▶ AIM OF THE EXERCISE
All entries are to be copied verbatim, while the pictures stay out.

▶ DATA TO PROCESS
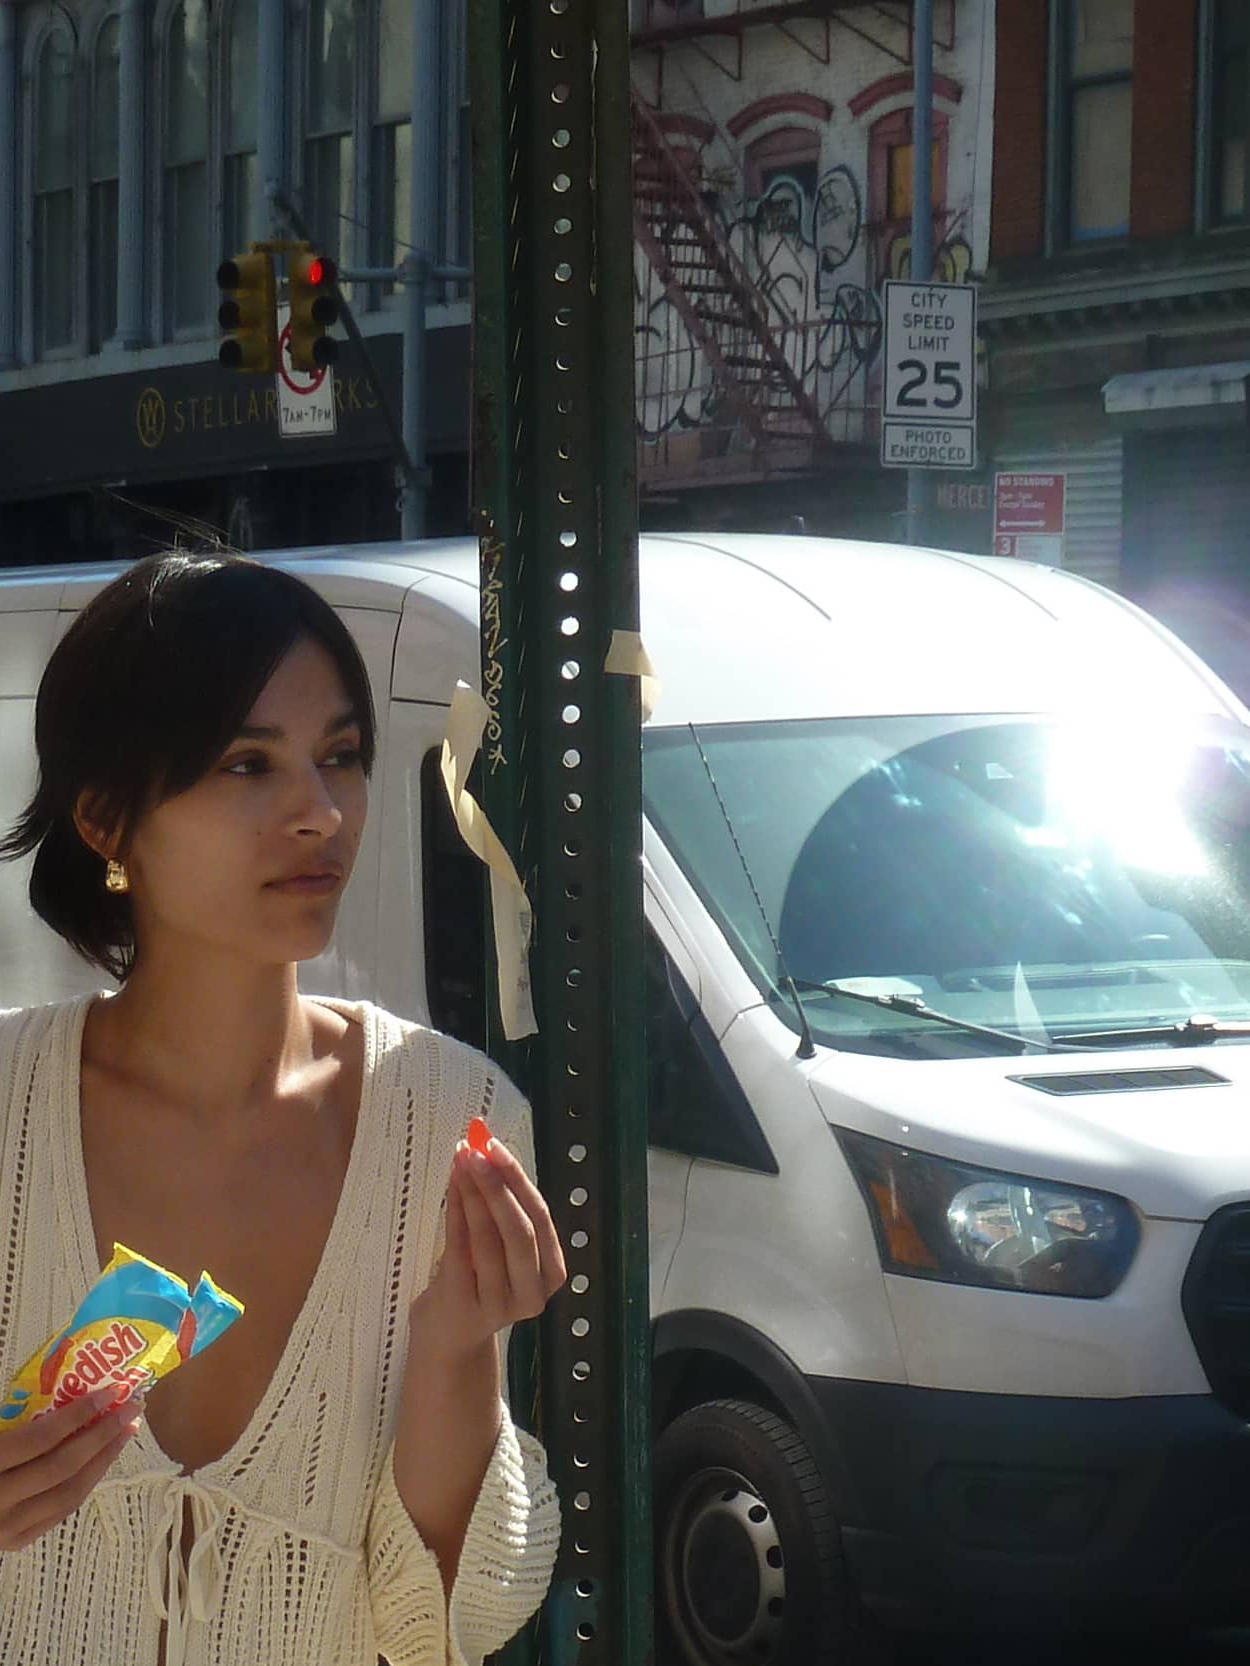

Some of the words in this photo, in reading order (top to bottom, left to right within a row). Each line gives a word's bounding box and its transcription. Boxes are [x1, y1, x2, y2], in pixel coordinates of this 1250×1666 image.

[911, 293, 948, 309] CITY
[902, 313, 955, 331] SPEED
[908, 335, 950, 352] LIMIT
[896, 358, 964, 409] 25
[172, 388, 278, 433] STELLAR
[334, 377, 379, 413] RKS
[283, 405, 331, 424] 7AM-7PM
[905, 429, 952, 444] PHOTO
[890, 444, 966, 461] ENFORCED
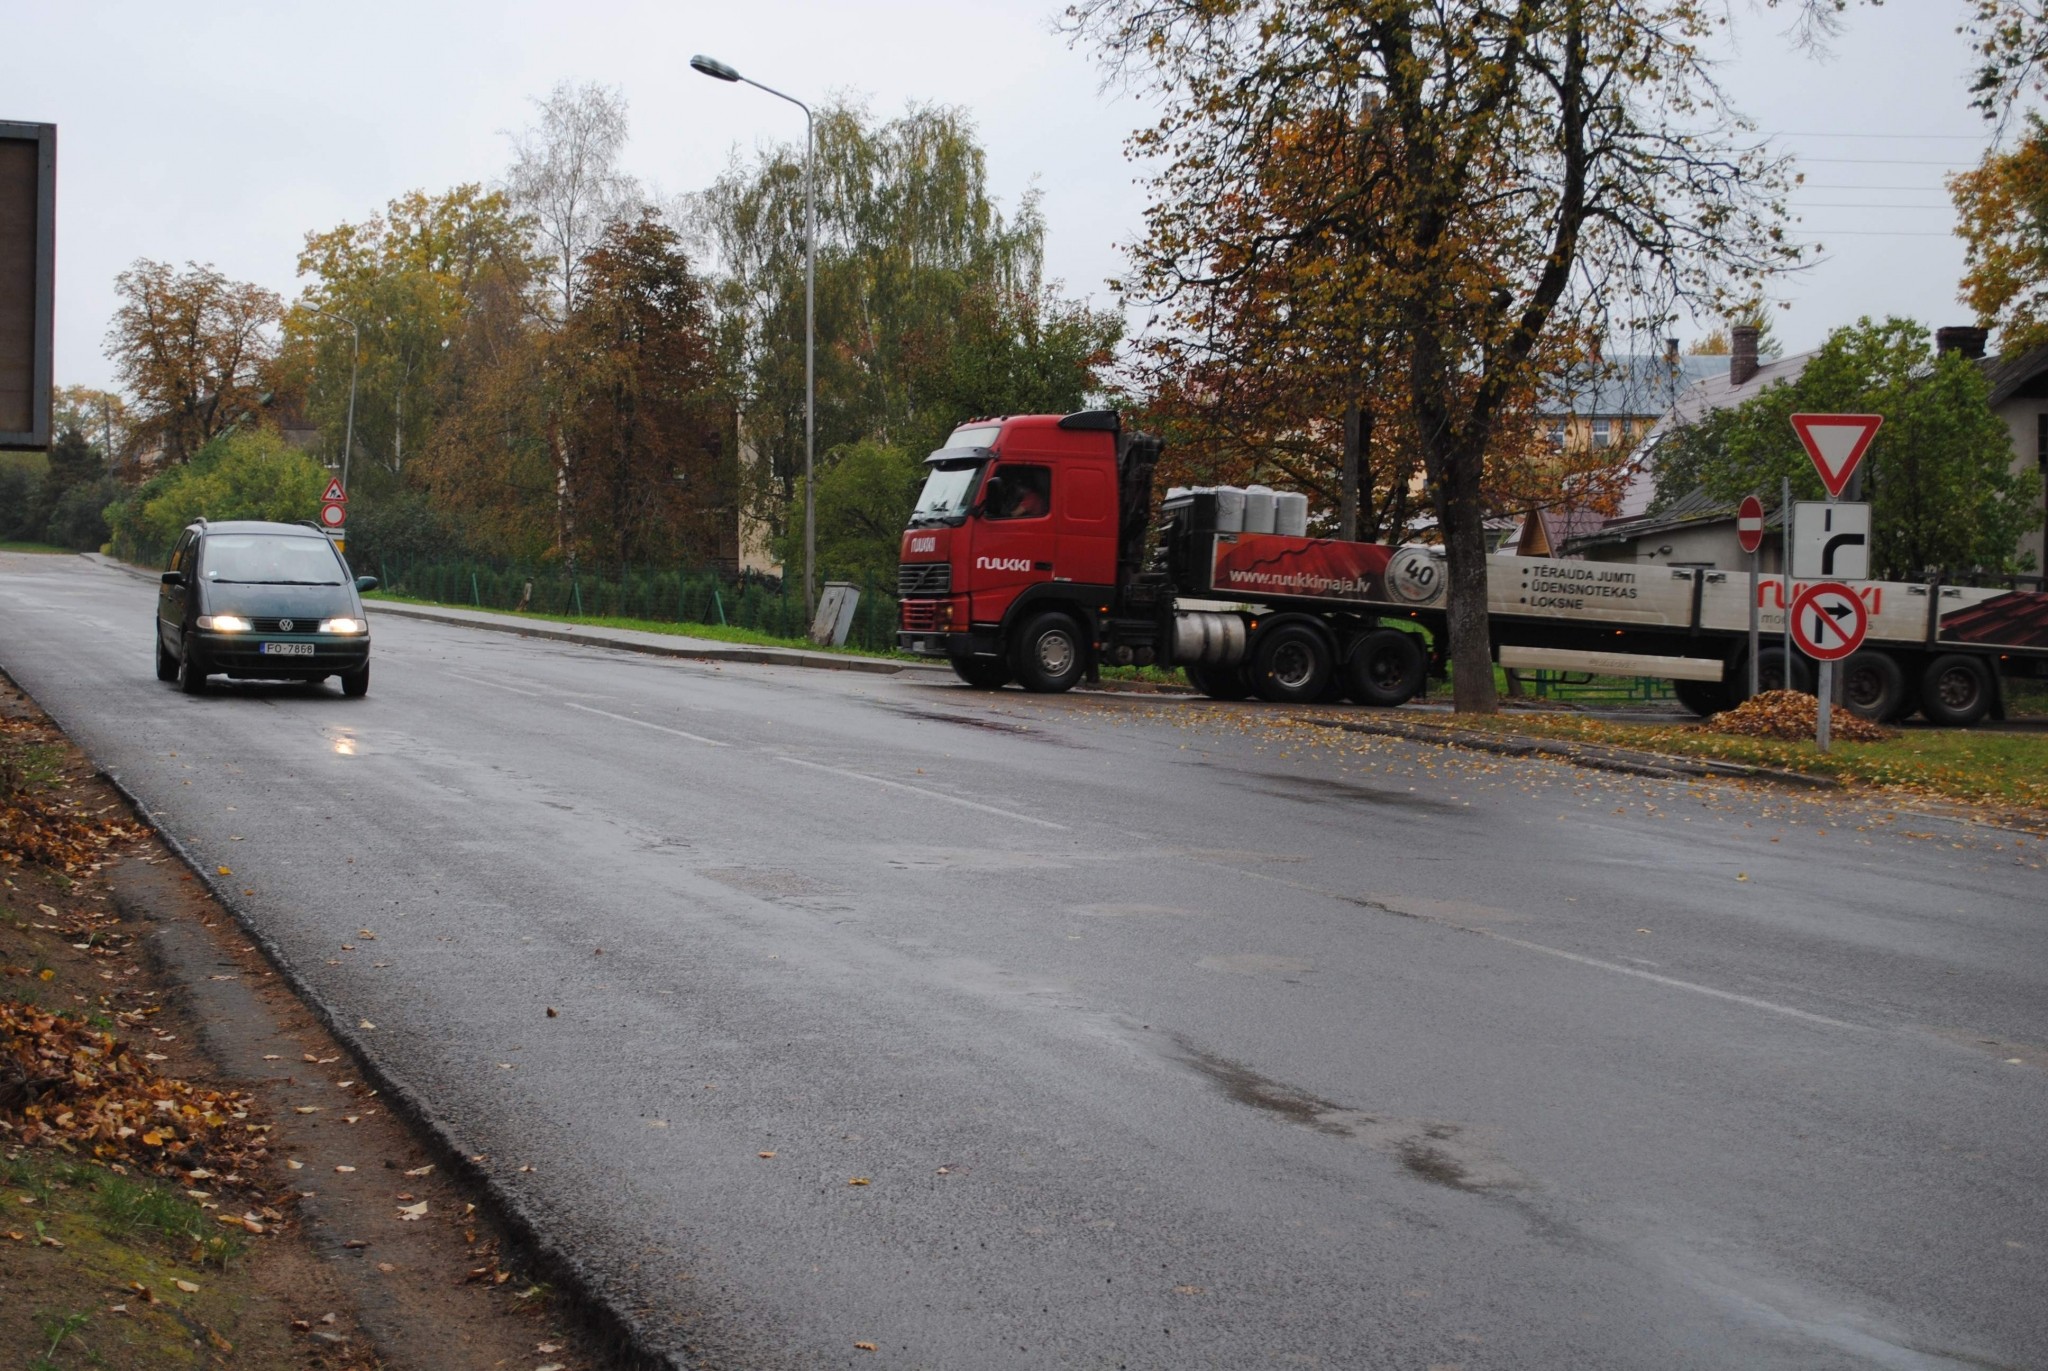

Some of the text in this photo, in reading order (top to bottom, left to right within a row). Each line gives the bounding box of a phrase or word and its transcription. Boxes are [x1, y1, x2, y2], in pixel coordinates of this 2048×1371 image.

▶ OUTPUT OF THE TASK
Some of the words in this photo, in reading order (top to bottom, left to right within a row). Each line gives a word's bounding box and its transcription. Boxes are [x1, y1, x2, y2], in pixel coordinates of this 1250×1666 image.

[911, 293, 948, 309] CITY
[902, 313, 955, 331] SPEED
[908, 335, 950, 352] LIMIT
[896, 358, 964, 409] 25
[172, 388, 278, 433] STELLAR
[334, 377, 379, 413] RKS
[283, 405, 331, 424] 7AM-7PM
[905, 429, 952, 444] PHOTO
[890, 444, 966, 461] ENFORCED

Some of the text in this photo, in reading order (top to bottom, left to right within a row). Each line gives the bounding box of a phrase or word and its transcription. Boxes are [x1, y1, x2, y2], in pixel coordinates of this 2048×1371 image.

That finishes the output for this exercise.